What to work on
Retype the records word for word. Skip every image.
Segment Start: Given data
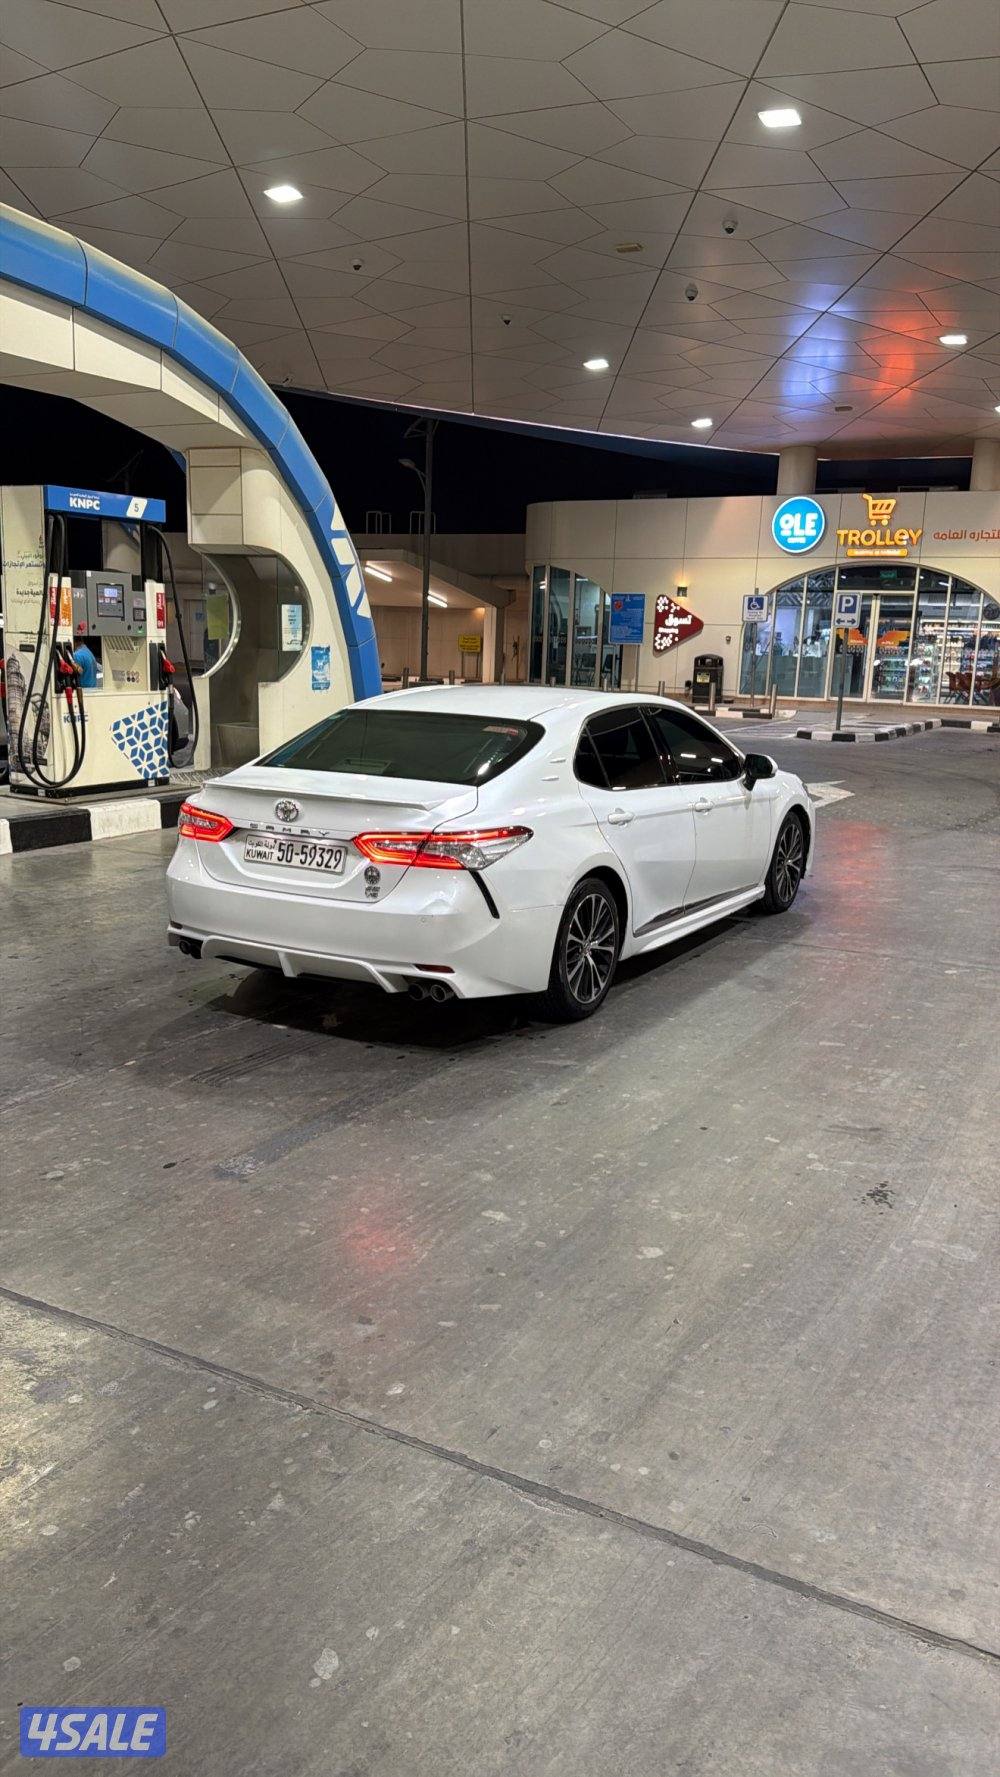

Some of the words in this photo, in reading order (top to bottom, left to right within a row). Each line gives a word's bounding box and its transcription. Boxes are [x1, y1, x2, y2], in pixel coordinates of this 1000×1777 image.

[69, 497, 101, 511] KNPC
[134, 503, 140, 512] 5
[933, 529, 967, 541] العامه
[841, 596, 854, 612] P
[664, 613, 692, 627] تسوق
[245, 849, 275, 861] KUWAIT
[277, 841, 342, 870] 50-59329
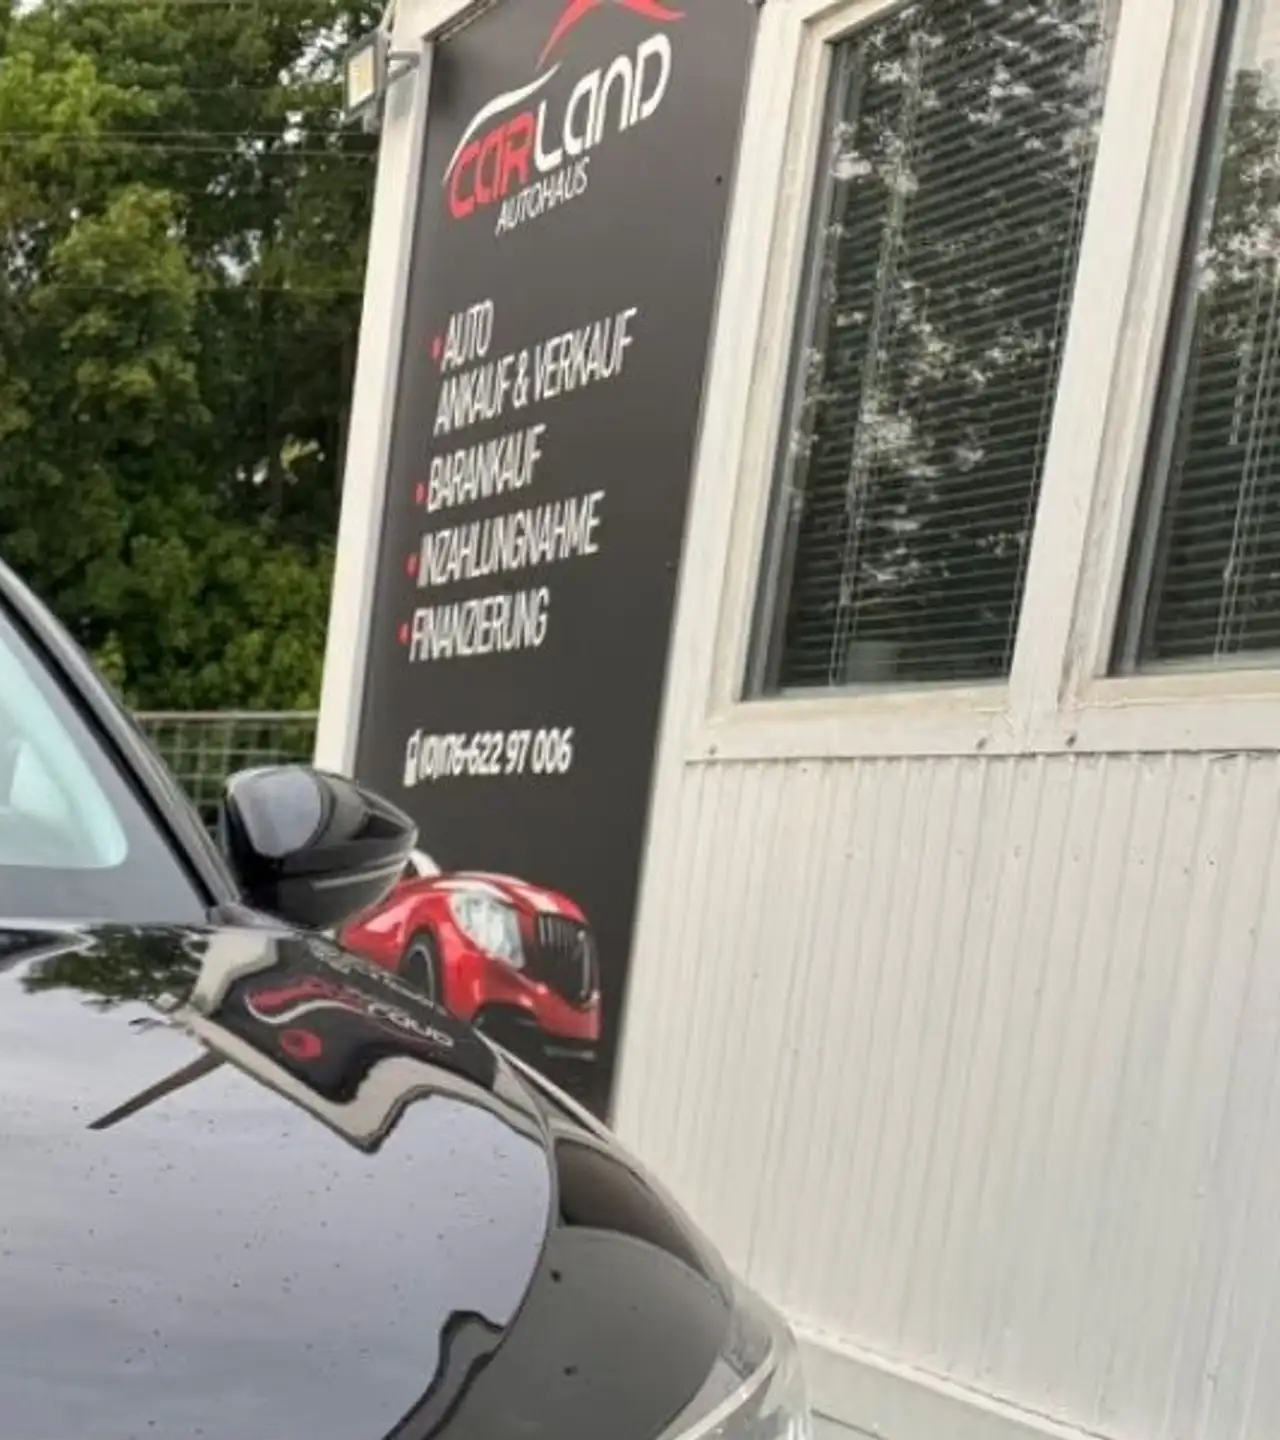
Segment End: Given data
Task answer
Some of the words in this photo, in reading order (top to bottom, left to right within a row). Each line gives a word's bounding box and its transcription. Boxes are [x1, y1, x2, y2], in pixel coordinates of this 1000×1777 image.

[69, 497, 101, 511] KNPC
[134, 503, 140, 512] 5
[933, 529, 967, 541] العامه
[841, 596, 854, 612] P
[664, 613, 692, 627] تسوق
[245, 849, 275, 861] KUWAIT
[277, 841, 342, 870] 50-59329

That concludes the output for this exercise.